Qual seria então a relação entre autoeficácia e a autorregulação, oriundos da TSC de Bandura, com o conceito autoeficácia aplicada de McPherson e Zimmerman? Ou melhor dizendo: como se daria essa adaptação da autoeficácia para o campo da performance musical? Segundo Bzuneck (2001), a autoeficácia desempenharia o papel de mediação. Explica ainda que Bandura sugere que os julgamentos de autoeficácia atuariam como mediadores entre as reais capacidades e a própria performance, contribuindo para a predição de desempenho.

Bandura (1986) considera que os julgamentos de auto-eficácia [sic passim] atuam como mediadores entre as reais capacidades, que são as aptidões, conhecimentos e habilidades, e a própria performance.

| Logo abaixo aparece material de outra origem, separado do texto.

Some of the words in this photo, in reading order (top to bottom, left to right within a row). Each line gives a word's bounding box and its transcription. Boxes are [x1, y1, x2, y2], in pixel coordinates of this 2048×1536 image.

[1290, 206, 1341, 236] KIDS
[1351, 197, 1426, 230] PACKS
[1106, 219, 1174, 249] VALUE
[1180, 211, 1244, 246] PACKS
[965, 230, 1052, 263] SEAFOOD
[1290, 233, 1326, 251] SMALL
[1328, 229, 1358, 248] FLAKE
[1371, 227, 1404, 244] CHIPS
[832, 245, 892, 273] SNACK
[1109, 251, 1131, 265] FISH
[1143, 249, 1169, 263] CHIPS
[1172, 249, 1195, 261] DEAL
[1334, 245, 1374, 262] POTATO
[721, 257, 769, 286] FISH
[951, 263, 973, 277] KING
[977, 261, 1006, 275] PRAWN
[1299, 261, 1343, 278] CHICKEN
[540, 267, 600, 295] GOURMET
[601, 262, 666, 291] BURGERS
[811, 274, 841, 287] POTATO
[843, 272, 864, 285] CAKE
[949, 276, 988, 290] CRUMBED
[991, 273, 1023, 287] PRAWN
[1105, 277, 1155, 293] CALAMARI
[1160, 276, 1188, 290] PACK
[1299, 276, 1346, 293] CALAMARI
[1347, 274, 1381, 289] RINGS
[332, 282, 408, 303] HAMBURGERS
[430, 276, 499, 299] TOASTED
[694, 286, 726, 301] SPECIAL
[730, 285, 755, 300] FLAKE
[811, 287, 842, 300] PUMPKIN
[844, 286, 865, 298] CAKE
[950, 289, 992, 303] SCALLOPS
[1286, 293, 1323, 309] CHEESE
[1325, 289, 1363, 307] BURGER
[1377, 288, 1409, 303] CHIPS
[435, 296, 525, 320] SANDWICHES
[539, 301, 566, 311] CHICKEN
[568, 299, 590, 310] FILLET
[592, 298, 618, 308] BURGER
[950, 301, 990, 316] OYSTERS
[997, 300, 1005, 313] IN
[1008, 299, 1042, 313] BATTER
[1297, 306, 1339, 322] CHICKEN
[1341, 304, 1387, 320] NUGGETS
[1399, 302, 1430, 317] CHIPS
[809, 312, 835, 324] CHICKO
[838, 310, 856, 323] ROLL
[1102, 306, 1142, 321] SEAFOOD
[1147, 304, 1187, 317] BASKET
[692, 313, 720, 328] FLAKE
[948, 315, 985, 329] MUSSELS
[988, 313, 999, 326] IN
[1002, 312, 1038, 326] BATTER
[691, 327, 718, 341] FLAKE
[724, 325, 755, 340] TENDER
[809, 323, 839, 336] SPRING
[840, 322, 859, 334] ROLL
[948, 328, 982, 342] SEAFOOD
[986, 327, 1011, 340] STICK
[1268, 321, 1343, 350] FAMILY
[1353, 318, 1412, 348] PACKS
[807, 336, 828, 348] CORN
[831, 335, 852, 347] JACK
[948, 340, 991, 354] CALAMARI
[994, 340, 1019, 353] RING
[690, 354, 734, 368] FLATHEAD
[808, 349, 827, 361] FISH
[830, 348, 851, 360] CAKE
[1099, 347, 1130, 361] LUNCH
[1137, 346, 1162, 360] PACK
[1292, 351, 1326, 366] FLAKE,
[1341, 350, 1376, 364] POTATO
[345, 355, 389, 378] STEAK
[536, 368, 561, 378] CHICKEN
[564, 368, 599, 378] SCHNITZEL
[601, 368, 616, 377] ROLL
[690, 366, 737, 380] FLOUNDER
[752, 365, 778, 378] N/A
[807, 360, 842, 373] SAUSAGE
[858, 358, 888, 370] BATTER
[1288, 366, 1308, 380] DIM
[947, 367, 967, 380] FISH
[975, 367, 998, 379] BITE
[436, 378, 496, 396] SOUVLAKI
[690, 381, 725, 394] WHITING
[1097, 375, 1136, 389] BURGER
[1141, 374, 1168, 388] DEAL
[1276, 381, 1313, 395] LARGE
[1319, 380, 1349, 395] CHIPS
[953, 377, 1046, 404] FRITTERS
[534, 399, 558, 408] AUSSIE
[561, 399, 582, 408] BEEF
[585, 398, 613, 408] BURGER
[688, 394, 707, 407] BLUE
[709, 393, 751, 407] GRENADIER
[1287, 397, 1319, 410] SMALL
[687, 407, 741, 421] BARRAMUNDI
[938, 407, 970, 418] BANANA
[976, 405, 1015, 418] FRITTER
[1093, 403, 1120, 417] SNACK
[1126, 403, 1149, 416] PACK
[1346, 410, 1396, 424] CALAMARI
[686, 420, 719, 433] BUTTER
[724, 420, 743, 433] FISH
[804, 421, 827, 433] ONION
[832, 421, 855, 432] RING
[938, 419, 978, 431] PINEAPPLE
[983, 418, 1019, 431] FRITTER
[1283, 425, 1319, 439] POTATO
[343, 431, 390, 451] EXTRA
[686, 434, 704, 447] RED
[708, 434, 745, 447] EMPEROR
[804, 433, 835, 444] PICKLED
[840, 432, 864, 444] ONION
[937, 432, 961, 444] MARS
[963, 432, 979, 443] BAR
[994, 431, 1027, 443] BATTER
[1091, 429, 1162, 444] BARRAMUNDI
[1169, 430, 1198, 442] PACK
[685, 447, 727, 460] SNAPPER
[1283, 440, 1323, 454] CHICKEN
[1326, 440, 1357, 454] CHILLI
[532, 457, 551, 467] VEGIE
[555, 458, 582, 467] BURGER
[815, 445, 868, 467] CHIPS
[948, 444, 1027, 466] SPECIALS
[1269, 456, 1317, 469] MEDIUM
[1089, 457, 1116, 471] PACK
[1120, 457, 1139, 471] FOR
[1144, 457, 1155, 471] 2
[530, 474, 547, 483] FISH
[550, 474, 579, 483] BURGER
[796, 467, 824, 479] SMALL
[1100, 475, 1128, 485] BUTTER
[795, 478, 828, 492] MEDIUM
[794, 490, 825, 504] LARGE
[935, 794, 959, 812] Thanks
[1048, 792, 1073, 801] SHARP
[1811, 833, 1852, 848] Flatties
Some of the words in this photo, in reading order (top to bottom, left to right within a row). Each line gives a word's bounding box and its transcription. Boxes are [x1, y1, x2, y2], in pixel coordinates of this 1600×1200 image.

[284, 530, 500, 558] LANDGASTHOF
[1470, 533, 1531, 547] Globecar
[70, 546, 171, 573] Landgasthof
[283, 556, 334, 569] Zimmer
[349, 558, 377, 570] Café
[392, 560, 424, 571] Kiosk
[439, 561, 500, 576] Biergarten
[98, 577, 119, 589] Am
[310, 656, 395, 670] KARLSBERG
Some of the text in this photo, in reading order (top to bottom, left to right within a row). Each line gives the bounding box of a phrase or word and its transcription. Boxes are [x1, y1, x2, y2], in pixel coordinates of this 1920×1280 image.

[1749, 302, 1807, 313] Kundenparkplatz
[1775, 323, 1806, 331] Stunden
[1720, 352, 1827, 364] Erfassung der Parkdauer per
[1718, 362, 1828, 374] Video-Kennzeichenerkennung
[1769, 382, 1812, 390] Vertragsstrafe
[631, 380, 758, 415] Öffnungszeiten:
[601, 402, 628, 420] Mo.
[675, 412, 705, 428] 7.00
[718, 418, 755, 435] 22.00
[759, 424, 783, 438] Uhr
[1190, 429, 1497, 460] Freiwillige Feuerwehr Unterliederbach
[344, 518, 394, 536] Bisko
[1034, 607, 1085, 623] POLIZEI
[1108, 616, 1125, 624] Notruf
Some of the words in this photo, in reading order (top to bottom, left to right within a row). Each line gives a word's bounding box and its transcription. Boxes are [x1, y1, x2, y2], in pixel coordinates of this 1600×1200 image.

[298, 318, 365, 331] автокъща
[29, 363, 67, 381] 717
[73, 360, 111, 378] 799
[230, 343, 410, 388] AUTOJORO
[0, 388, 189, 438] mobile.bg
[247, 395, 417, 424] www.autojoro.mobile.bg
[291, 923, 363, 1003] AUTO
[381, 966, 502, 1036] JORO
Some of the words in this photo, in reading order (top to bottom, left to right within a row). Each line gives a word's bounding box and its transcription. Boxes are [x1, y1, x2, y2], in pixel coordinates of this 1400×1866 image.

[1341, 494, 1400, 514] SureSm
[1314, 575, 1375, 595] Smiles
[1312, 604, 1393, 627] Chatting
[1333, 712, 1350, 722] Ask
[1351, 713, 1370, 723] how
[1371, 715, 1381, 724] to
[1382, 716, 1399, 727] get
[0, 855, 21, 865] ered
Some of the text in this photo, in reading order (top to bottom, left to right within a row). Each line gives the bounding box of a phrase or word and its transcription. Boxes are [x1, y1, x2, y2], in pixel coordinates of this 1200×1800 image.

Isto é, esses outros fatores, que também contribuem para predição do desempenho, não produzirão as esperadas consequências, a menos que ocorra a mediação das crenças de auto-eficácia. (BZUNECK, 2001, p. 3)

Ao inserir a autoeficácia de forma prática para a performance de músicos, Araújo, Cavalcanti e Figueiredo (2014) sugerem que uma forma adequada de sua aplicação seria reforçar as crenças de autoeficácia nos músicos que já tenham crenças pessoais positivas. Em contrapartida, para os casos de músicos que sejam assolados por dúvidas e insegurança, deveriam ser fornecidas experiências exitosas e empoderadoras que desenvolvessem suas crenças de autoeficácia:

os músicos com fortes crenças de autoeficácia devem ter a oportunidade de continuar fortalecendo essas crenças pessoais. No entanto, aqueles que são assediados por dúvidas quanto às próprias capacidades precisam de experiências nas quais suas crenças sejam cultivadas e constantemente fortalecidas. (ARAÚJO; CAVALCANTI; FIGUEIREDO, 2014, p. 40)

Concordando com o exposto acima, Cavalcanti (2009), ao transferir a questão para a realidade de instrumentistas de tradição clássica, destaca também o fator determinante que a confiança nas próprias capacidades pode ter para um bom desempenho e até mesmo para a continuidade dos estudos musicais:

No caminho que conduz à expertise, instrumentistas de tradição clássica se deparam com obstáculos e desafios inerentes ao processo de aprendizagem. Nesse percurso, confiar nas próprias capacidades pode ser determinante para um bom desempenho ou até mesmo para a continuidade dos estudos musicais. (CAVALCANTI, 2009, p. 93)

Tanto no escopo geral da autoeficácia quanto no campo específico da performance musical e da regência coral, um componente que efetivamente poderá auxiliar para a adesão das crenças de autoeficácia do indivíduo é o da motivação, principalmente no campo da

regência coral. Esta atividade apresenta em sua natureza uma comunicação e relacionamento humano mais próximo e direto entre seus integrantes, inclusive com o maestro.